**RECORDS TO USE:**
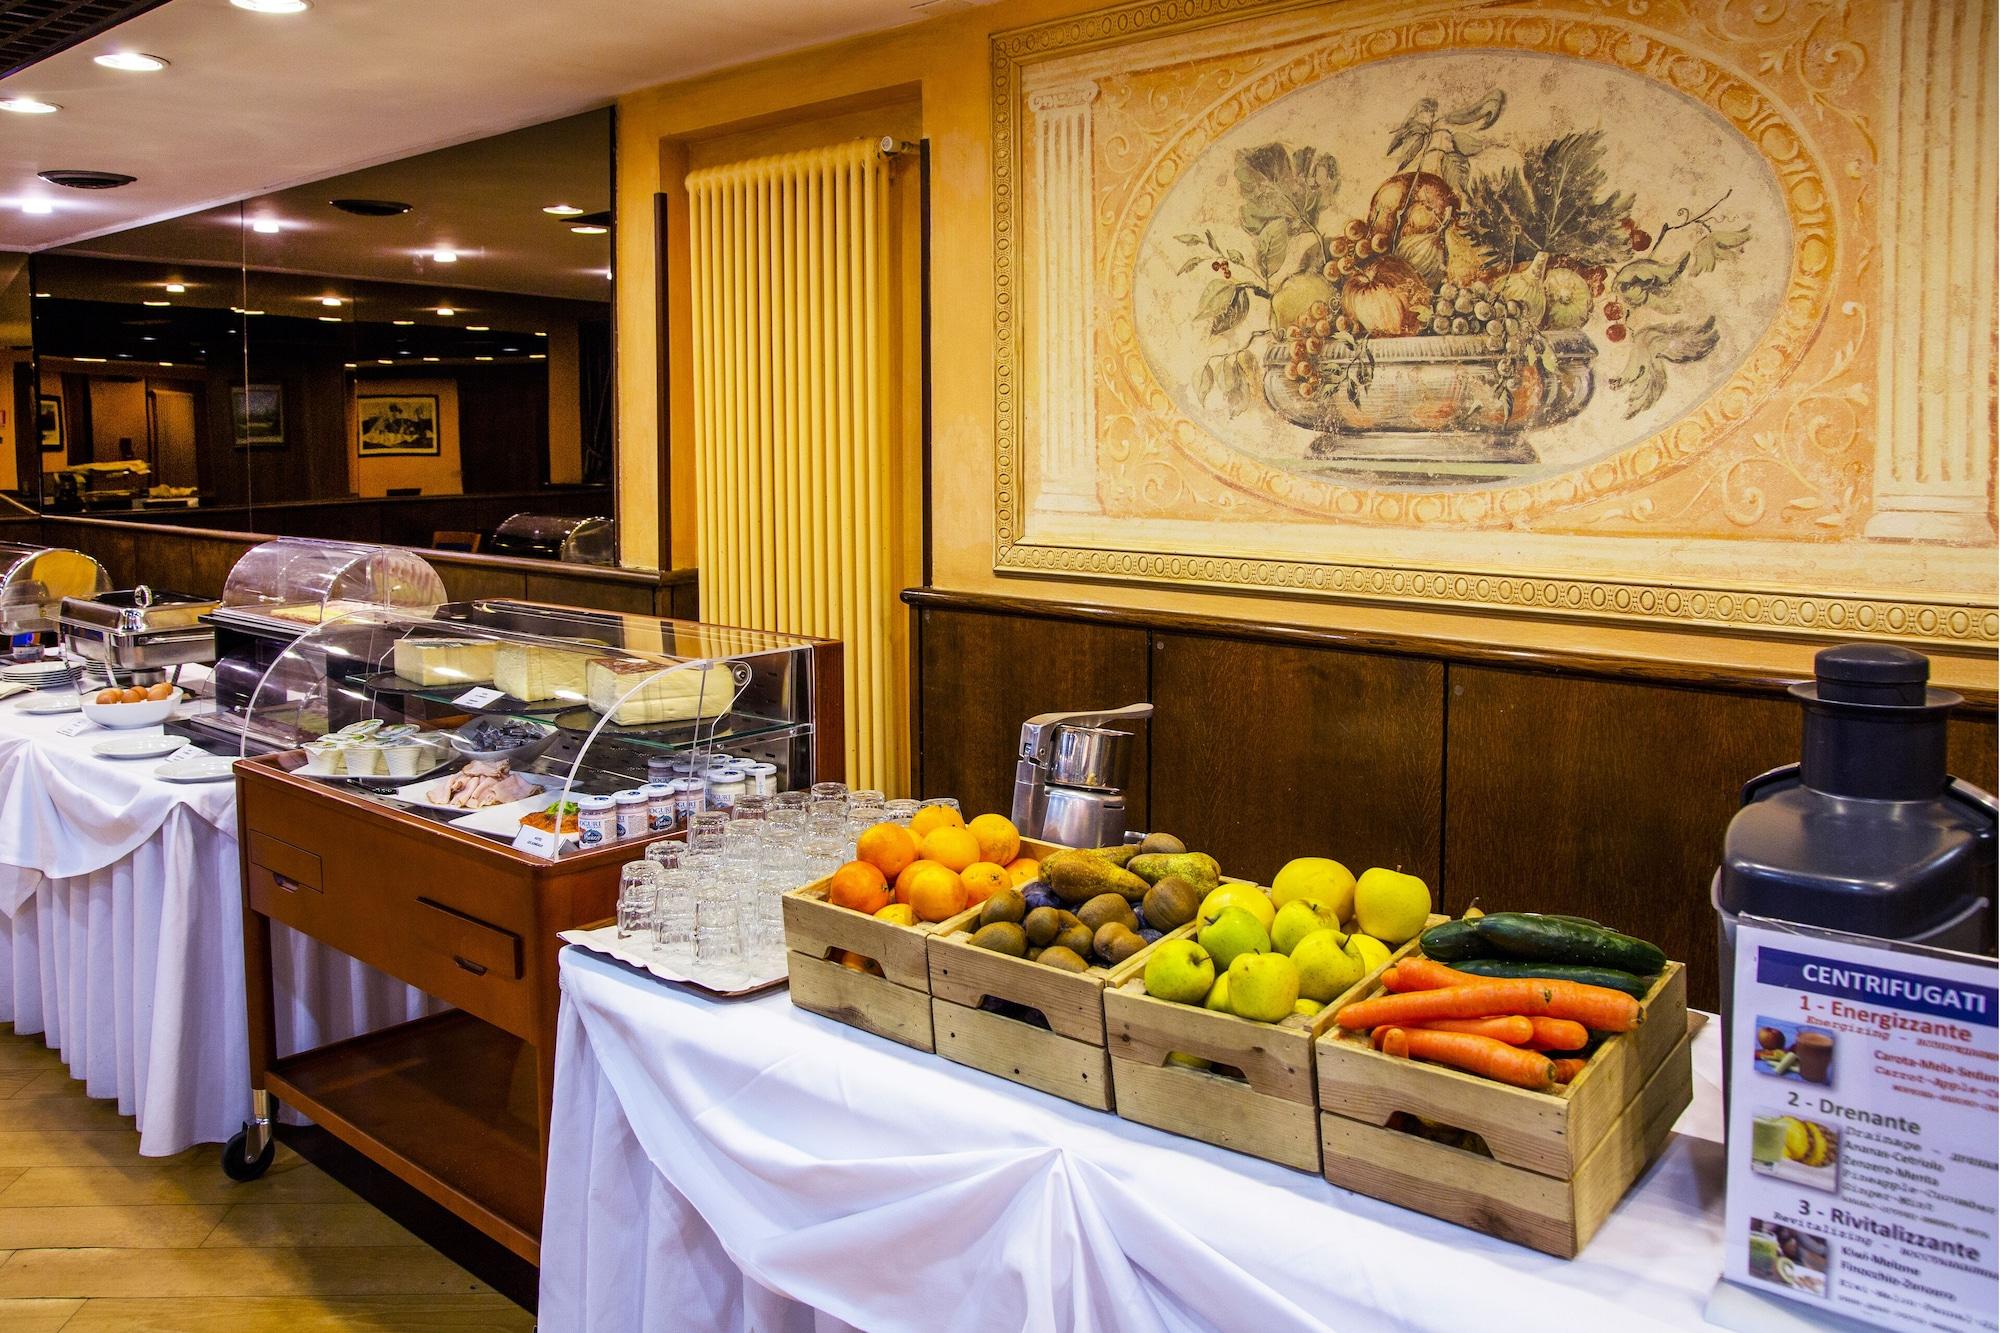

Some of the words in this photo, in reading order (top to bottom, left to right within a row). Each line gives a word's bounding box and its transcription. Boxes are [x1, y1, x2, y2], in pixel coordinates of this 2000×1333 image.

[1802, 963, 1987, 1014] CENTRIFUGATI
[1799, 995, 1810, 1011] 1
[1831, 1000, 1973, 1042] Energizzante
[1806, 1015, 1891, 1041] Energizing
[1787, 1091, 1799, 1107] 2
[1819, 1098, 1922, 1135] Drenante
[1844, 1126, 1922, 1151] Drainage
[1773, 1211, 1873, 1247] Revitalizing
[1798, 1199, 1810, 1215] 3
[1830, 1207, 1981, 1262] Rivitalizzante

**TASK DIRECTIONS:**
The response must restate each line of the material above exactly and contain no images.

**RESPONSE:**
Some of the words in this photo, in reading order (top to bottom, left to right within a row). Each line gives a word's bounding box and its transcription. Boxes are [x1, y1, x2, y2], in pixel coordinates of this 2000×1333 image.

[1802, 963, 1987, 1014] CENTRIFUGATI
[1799, 995, 1810, 1011] 1
[1831, 1000, 1973, 1042] Energizzante
[1806, 1015, 1891, 1041] Energizing
[1787, 1091, 1799, 1107] 2
[1819, 1098, 1922, 1135] Drenante
[1844, 1126, 1922, 1151] Drainage
[1773, 1211, 1873, 1247] Revitalizing
[1798, 1199, 1810, 1215] 3
[1830, 1207, 1981, 1262] Rivitalizzante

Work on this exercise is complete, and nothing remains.